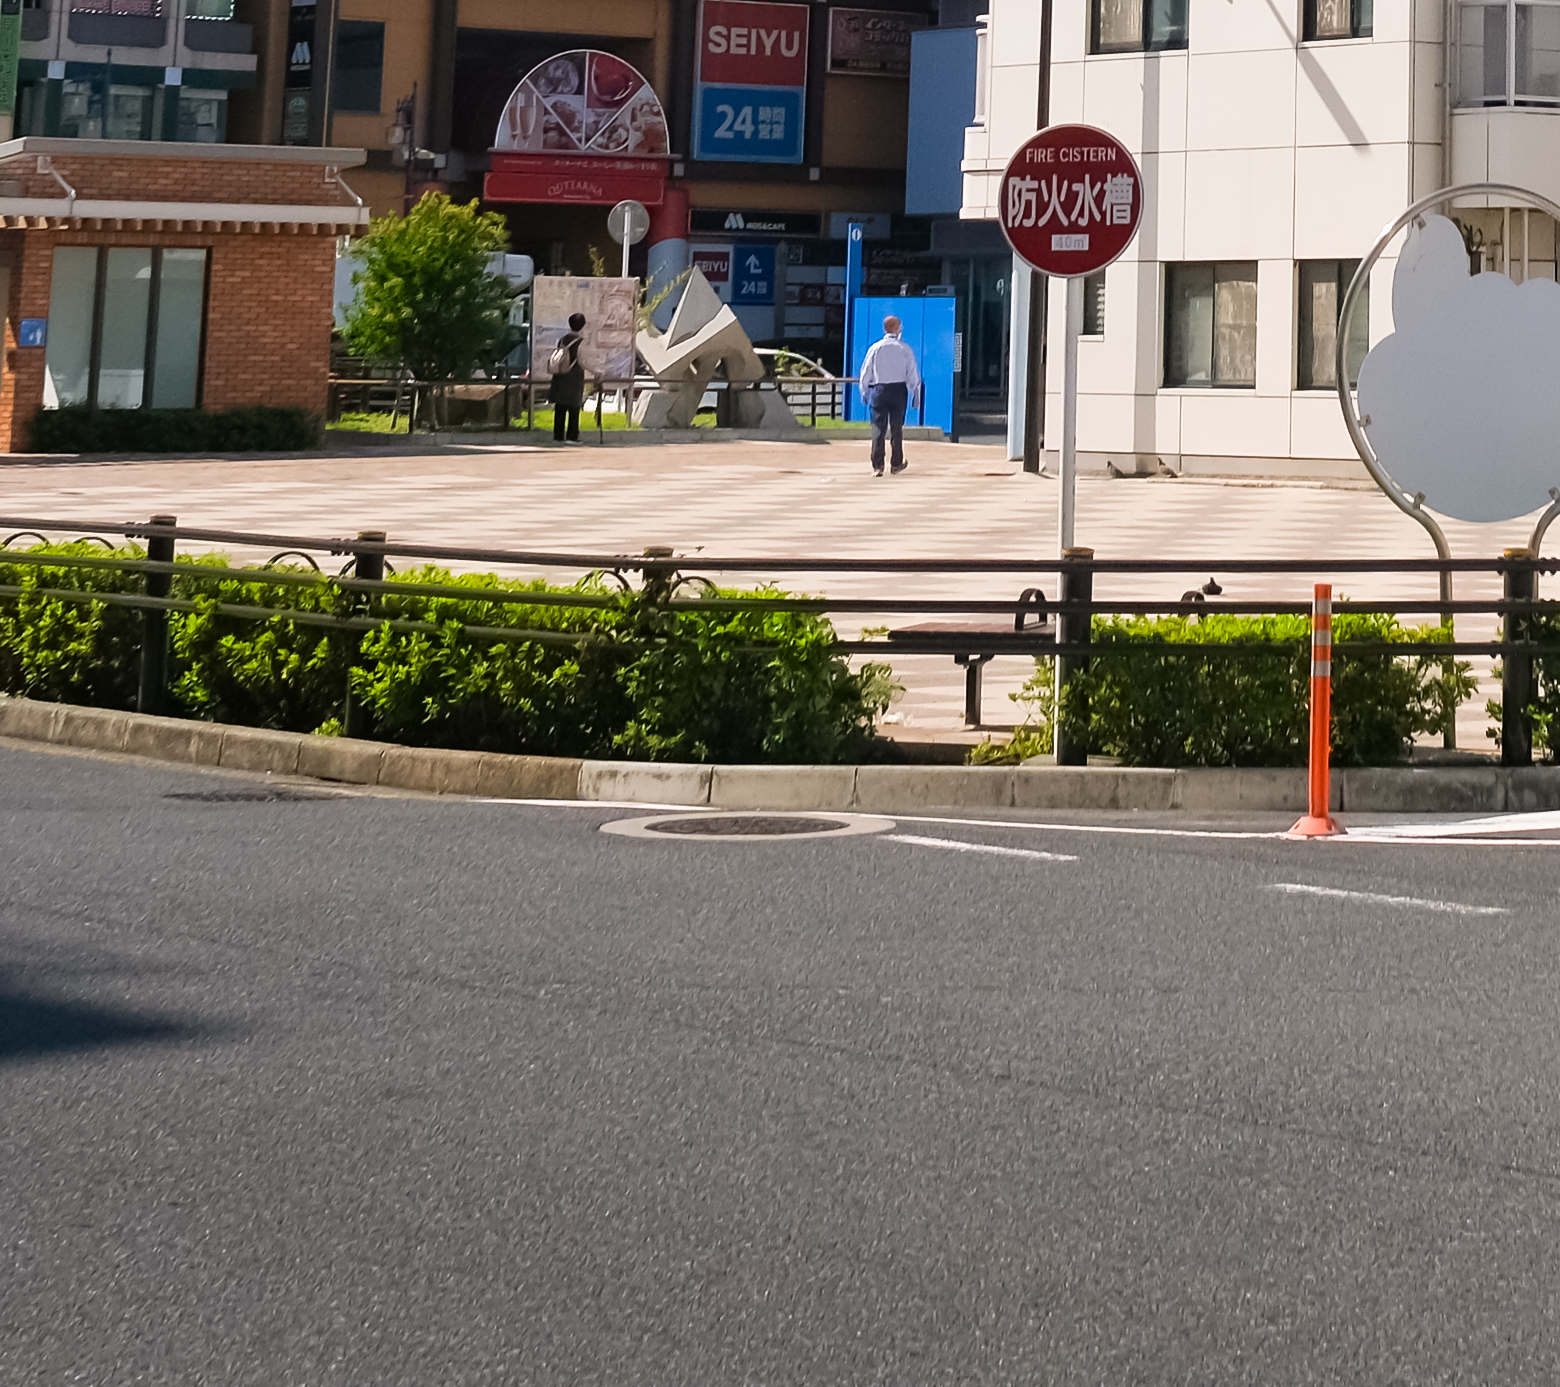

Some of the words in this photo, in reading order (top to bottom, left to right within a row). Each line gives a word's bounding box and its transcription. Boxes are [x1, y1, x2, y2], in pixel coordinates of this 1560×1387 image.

[707, 25, 801, 58] SEIYU
[713, 103, 756, 140] 24
[1025, 147, 1055, 163] FIRE
[1059, 146, 1117, 163] CISTERN
[1007, 172, 1135, 228] 防火水槽
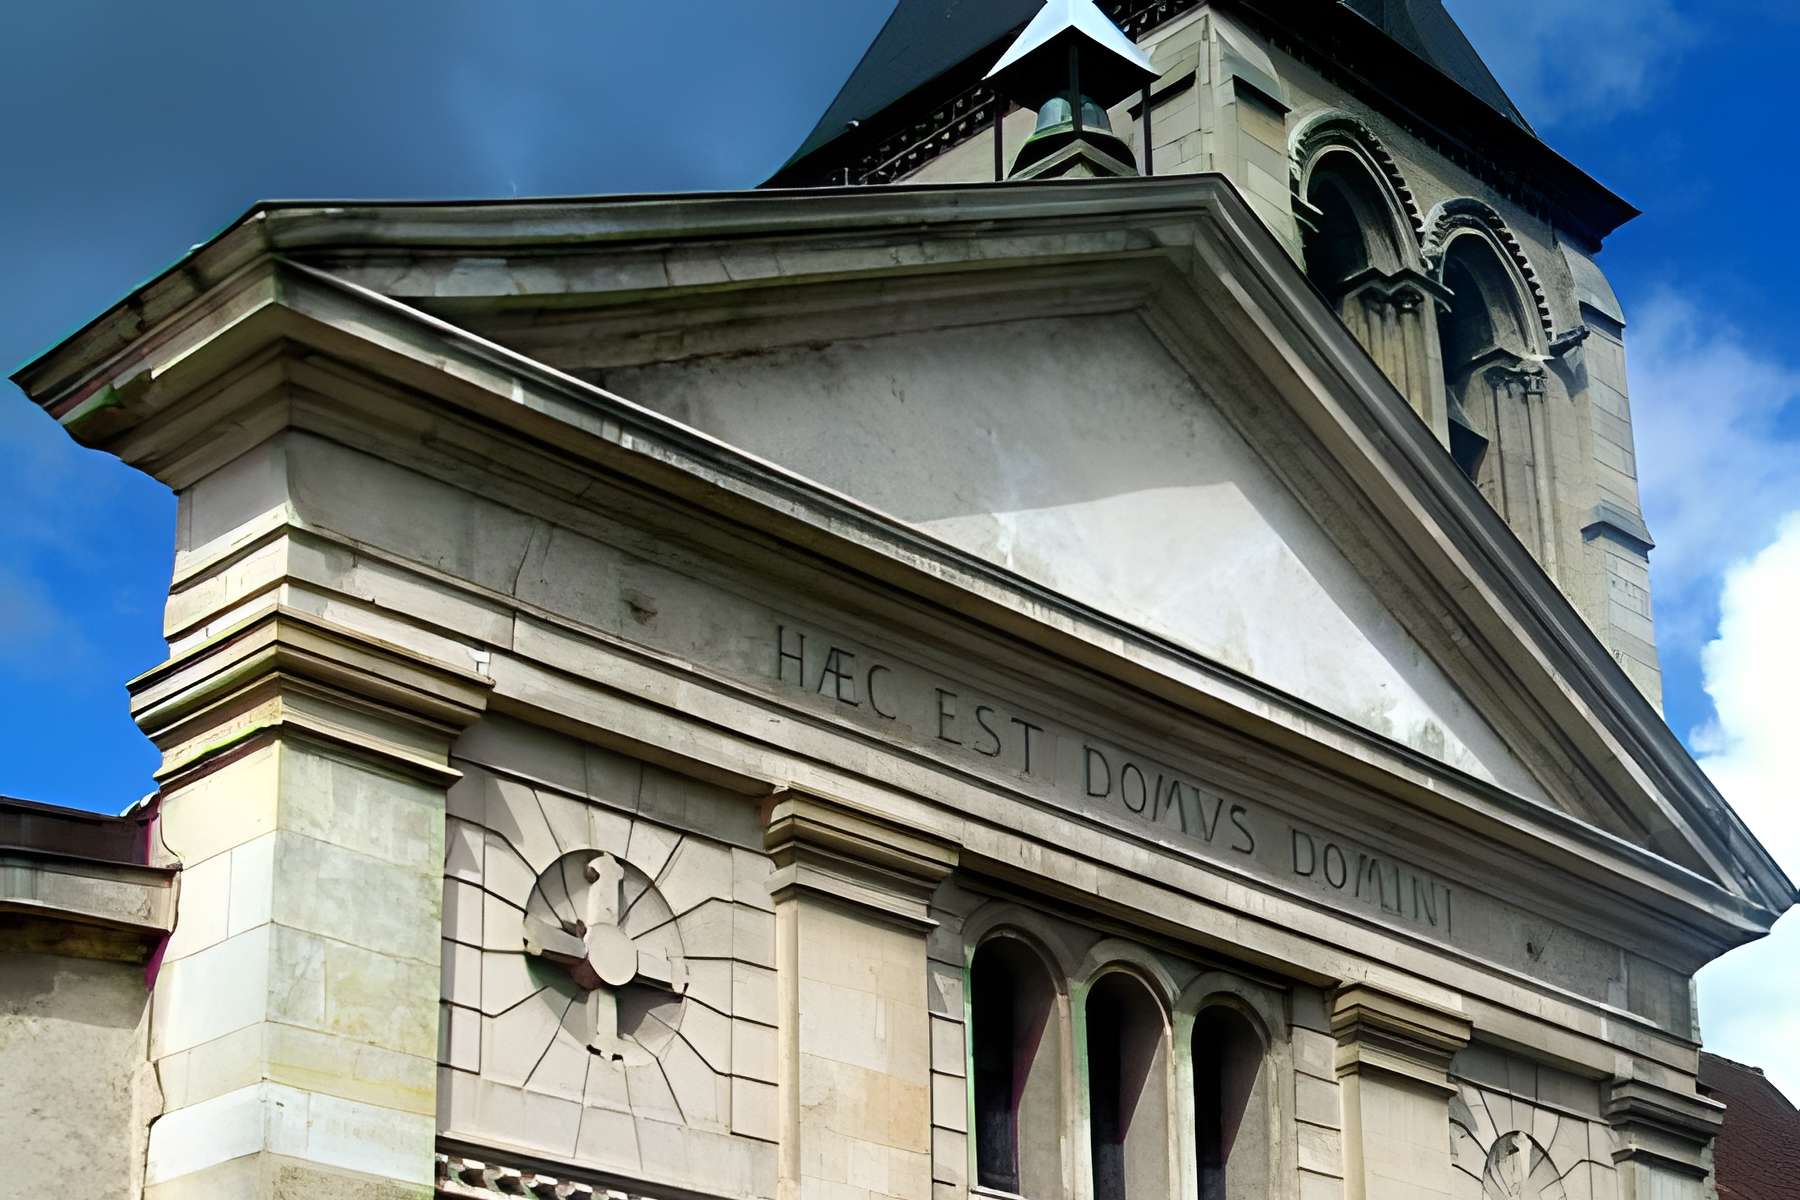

# # # # #

- WORK INSTRUCTIONS -
All entries above must be repeated exactly; pictures are to be left out.

- EXERCISE SOLUTION -
Some of the words in this photo, in reading order (top to bottom, left to right within a row). Each line gives a word's bounding box and its transcription. Boxes are [x1, y1, x2, y2], in pixel coordinates of this 1560×1387 image.

[707, 25, 801, 58] SEIYU
[713, 103, 756, 140] 24
[1025, 147, 1055, 163] FIRE
[1059, 146, 1117, 163] CISTERN
[1007, 172, 1135, 228] 防火水槽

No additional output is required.